[Images for object localization]
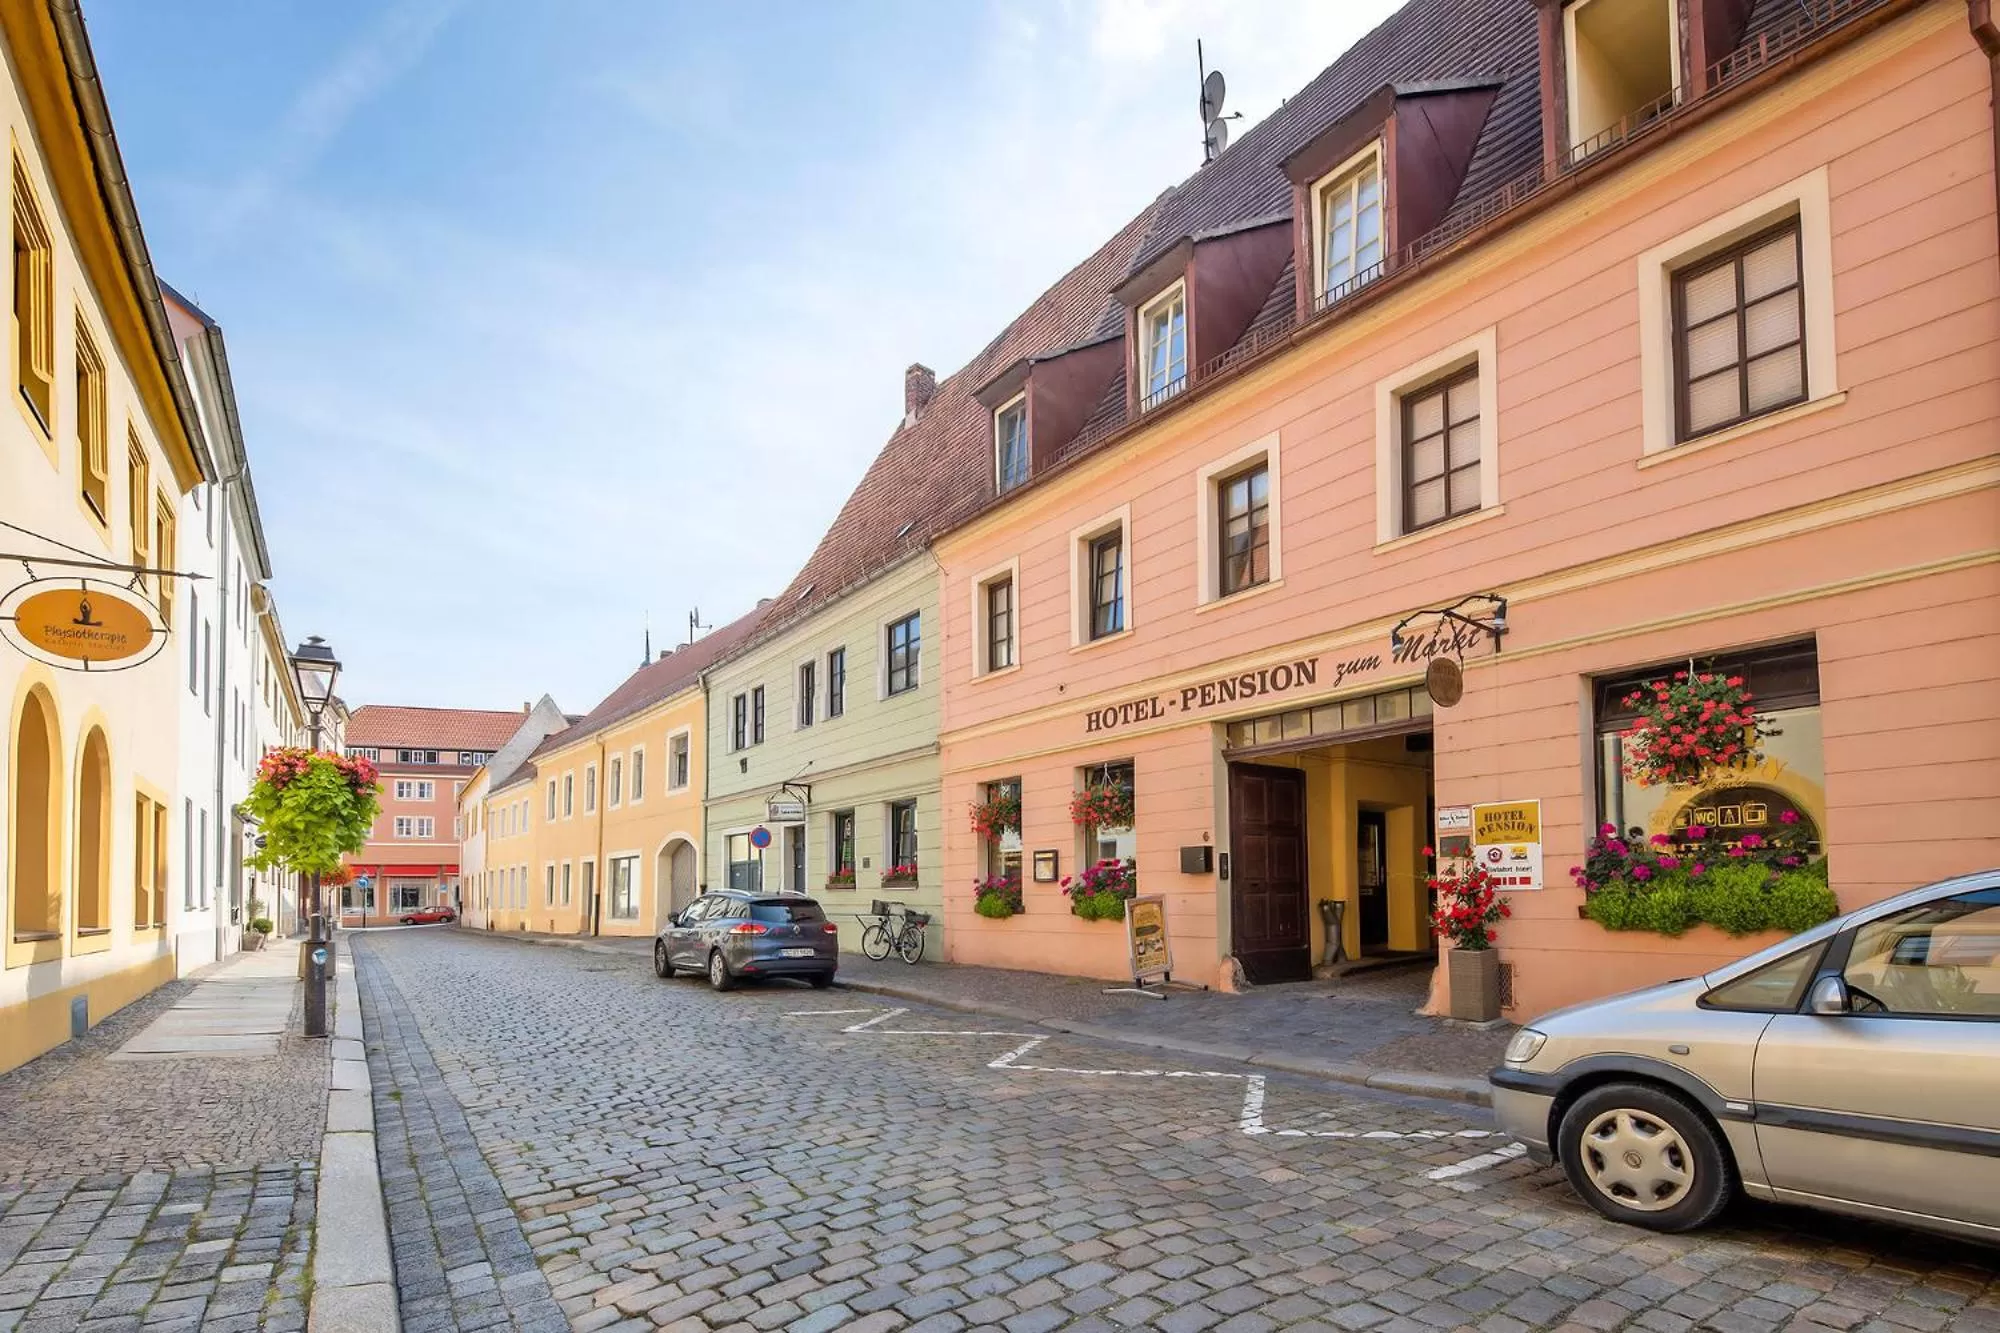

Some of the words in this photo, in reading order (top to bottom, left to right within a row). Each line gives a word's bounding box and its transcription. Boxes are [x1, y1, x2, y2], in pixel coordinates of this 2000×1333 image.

[43, 625, 129, 645] Physiotherapie
[1333, 655, 1382, 688] zum
[1392, 623, 1481, 664] Markt
[1484, 810, 1526, 823] HOTEL
[1695, 811, 1715, 824] WC
[1478, 821, 1536, 837] PENSION
[1202, 831, 1210, 842] 6

Prompt:
Every line of the records must come back unchanged, except that pictures are dropped.

Answer box:
Some of the words in this photo, in reading order (top to bottom, left to right within a row). Each line gives a word's bounding box and its transcription. Boxes are [x1, y1, x2, y2], in pixel coordinates of this 2000×1333 image.

[43, 625, 129, 645] Physiotherapie
[1333, 655, 1382, 688] zum
[1392, 623, 1481, 664] Markt
[1484, 810, 1526, 823] HOTEL
[1695, 811, 1715, 824] WC
[1478, 821, 1536, 837] PENSION
[1202, 831, 1210, 842] 6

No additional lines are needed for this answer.